__What you need to do__:
The whole of the data, every line, should come back exactly the same.

__Data to process__:
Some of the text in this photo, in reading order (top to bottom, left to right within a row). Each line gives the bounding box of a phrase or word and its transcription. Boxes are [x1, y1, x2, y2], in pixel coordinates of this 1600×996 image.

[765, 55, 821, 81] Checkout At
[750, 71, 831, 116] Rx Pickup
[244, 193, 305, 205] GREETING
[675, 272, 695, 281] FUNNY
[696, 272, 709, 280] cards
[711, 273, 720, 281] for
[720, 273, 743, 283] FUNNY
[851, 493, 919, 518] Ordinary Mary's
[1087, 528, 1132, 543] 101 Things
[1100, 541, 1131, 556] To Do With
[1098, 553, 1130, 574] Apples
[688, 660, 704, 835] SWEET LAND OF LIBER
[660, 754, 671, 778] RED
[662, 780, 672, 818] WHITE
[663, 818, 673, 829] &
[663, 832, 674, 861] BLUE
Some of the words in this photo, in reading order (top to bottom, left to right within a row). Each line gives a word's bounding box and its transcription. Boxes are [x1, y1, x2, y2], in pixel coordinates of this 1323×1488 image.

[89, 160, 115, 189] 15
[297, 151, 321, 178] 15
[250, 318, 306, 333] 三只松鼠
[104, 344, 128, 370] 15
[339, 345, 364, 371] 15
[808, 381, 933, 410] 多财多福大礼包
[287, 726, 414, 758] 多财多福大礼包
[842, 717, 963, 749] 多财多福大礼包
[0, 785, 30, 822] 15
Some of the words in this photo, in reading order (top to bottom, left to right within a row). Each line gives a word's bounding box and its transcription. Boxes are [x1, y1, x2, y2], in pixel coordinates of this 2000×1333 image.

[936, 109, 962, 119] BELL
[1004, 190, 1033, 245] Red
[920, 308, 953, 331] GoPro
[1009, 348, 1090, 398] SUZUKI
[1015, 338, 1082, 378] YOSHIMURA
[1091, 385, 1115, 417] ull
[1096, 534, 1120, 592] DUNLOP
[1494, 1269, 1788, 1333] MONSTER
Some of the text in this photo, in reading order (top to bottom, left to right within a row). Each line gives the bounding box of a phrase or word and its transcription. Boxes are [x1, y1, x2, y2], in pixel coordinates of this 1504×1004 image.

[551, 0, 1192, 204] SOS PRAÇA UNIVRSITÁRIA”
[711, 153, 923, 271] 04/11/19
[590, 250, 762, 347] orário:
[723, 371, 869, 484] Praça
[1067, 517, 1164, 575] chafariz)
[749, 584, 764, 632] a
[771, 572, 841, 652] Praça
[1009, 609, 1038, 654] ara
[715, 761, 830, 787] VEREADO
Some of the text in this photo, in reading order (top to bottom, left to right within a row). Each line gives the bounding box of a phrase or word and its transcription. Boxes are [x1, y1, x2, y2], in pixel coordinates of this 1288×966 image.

__Result of the exercise__:
Some of the text in this photo, in reading order (top to bottom, left to right within a row). Each line gives the bounding box of a phrase or word and its transcription. Boxes are [x1, y1, x2, y2], in pixel coordinates of this 1600×996 image.

[765, 55, 821, 81] Checkout At
[750, 71, 831, 116] Rx Pickup
[244, 193, 305, 205] GREETING
[675, 272, 695, 281] FUNNY
[696, 272, 709, 280] cards
[711, 273, 720, 281] for
[720, 273, 743, 283] FUNNY
[851, 493, 919, 518] Ordinary Mary's
[1087, 528, 1132, 543] 101 Things
[1100, 541, 1131, 556] To Do With
[1098, 553, 1130, 574] Apples
[688, 660, 704, 835] SWEET LAND OF LIBER
[660, 754, 671, 778] RED
[662, 780, 672, 818] WHITE
[663, 818, 673, 829] &
[663, 832, 674, 861] BLUE
Some of the words in this photo, in reading order (top to bottom, left to right within a row). Each line gives a word's bounding box and its transcription. Boxes are [x1, y1, x2, y2], in pixel coordinates of this 1323×1488 image.

[89, 160, 115, 189] 15
[297, 151, 321, 178] 15
[250, 318, 306, 333] 三只松鼠
[104, 344, 128, 370] 15
[339, 345, 364, 371] 15
[808, 381, 933, 410] 多财多福大礼包
[287, 726, 414, 758] 多财多福大礼包
[842, 717, 963, 749] 多财多福大礼包
[0, 785, 30, 822] 15
Some of the words in this photo, in reading order (top to bottom, left to right within a row). Each line gives a word's bounding box and its transcription. Boxes are [x1, y1, x2, y2], in pixel coordinates of this 2000×1333 image.

[936, 109, 962, 119] BELL
[1004, 190, 1033, 245] Red
[920, 308, 953, 331] GoPro
[1009, 348, 1090, 398] SUZUKI
[1015, 338, 1082, 378] YOSHIMURA
[1091, 385, 1115, 417] ull
[1096, 534, 1120, 592] DUNLOP
[1494, 1269, 1788, 1333] MONSTER
Some of the text in this photo, in reading order (top to bottom, left to right within a row). Each line gives the bounding box of a phrase or word and its transcription. Boxes are [x1, y1, x2, y2], in pixel coordinates of this 1504×1004 image.

[551, 0, 1192, 204] SOS PRAÇA UNIVRSITÁRIA”
[711, 153, 923, 271] 04/11/19
[590, 250, 762, 347] orário:
[723, 371, 869, 484] Praça
[1067, 517, 1164, 575] chafariz)
[749, 584, 764, 632] a
[771, 572, 841, 652] Praça
[1009, 609, 1038, 654] ara
[715, 761, 830, 787] VEREADO
Some of the text in this photo, in reading order (top to bottom, left to right within a row). Each line gives the bounding box of a phrase or word and its transcription. Boxes are [x1, y1, x2, y2], in pixel coordinates of this 1288×966 image.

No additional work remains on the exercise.